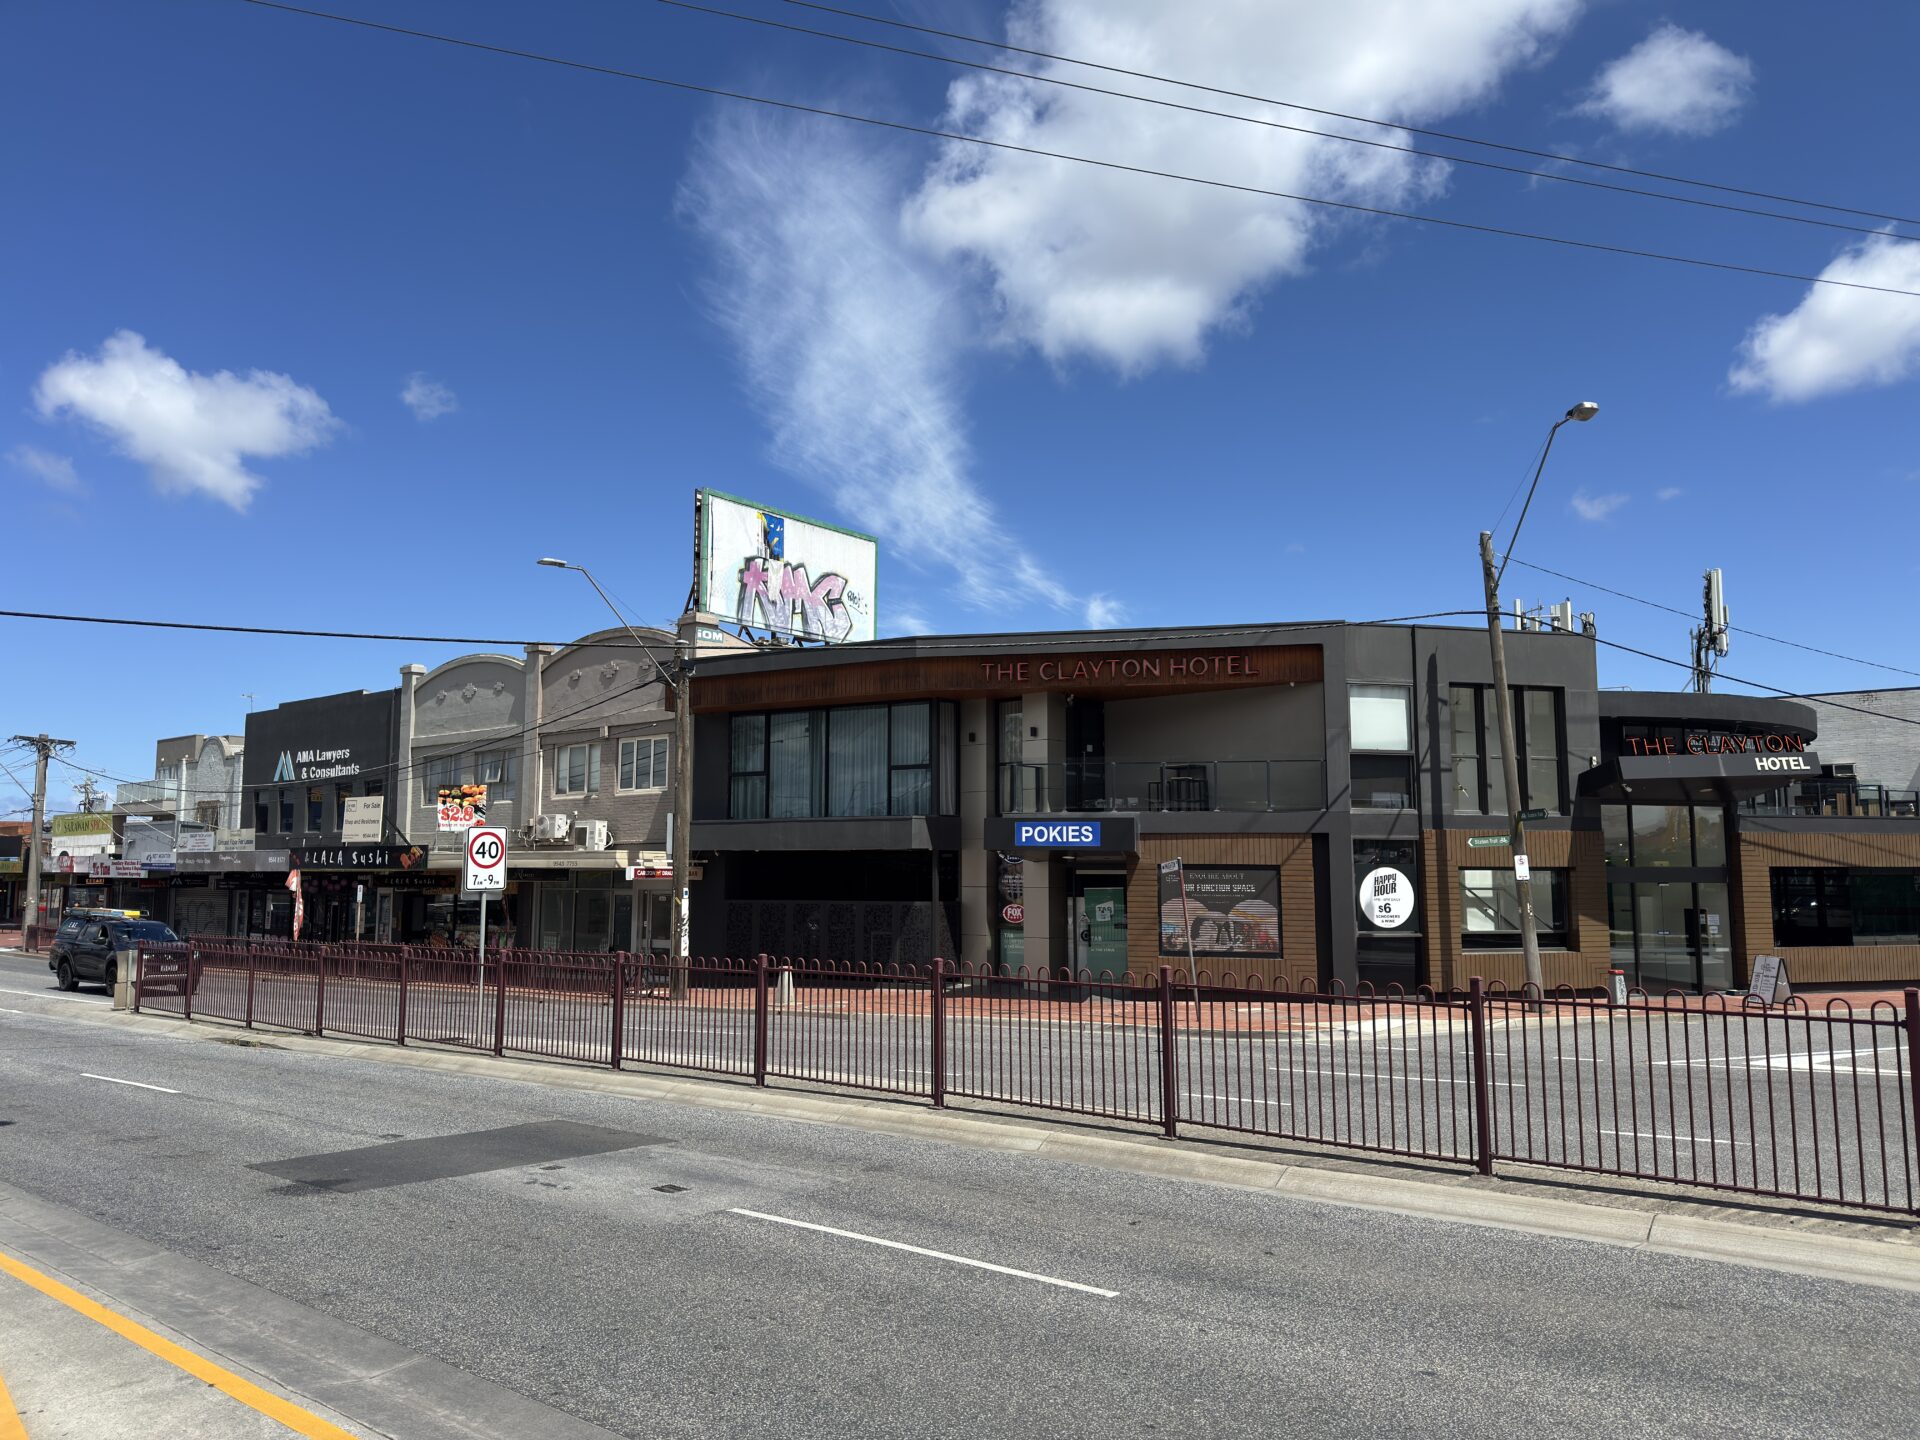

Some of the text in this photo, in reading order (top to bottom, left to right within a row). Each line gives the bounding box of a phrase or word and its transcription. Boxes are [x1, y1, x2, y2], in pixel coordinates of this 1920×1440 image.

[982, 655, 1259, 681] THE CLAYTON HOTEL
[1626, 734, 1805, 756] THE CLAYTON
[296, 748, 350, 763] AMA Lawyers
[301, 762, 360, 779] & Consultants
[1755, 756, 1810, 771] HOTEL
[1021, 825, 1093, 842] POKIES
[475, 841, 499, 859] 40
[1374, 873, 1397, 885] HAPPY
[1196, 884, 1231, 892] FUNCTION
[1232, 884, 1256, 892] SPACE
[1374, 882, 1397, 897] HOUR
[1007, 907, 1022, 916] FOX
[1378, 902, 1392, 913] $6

_REQUIRED ACTION_: Copy out all the data without changing anything, and drop the pictures.

_PROBLEM SOLUTION_:
Some of the text in this photo, in reading order (top to bottom, left to right within a row). Each line gives the bounding box of a phrase or word and its transcription. Boxes are [x1, y1, x2, y2], in pixel coordinates of this 1920×1440 image.

[982, 655, 1259, 681] THE CLAYTON HOTEL
[1626, 734, 1805, 756] THE CLAYTON
[296, 748, 350, 763] AMA Lawyers
[301, 762, 360, 779] & Consultants
[1755, 756, 1810, 771] HOTEL
[1021, 825, 1093, 842] POKIES
[475, 841, 499, 859] 40
[1374, 873, 1397, 885] HAPPY
[1196, 884, 1231, 892] FUNCTION
[1232, 884, 1256, 892] SPACE
[1374, 882, 1397, 897] HOUR
[1007, 907, 1022, 916] FOX
[1378, 902, 1392, 913] $6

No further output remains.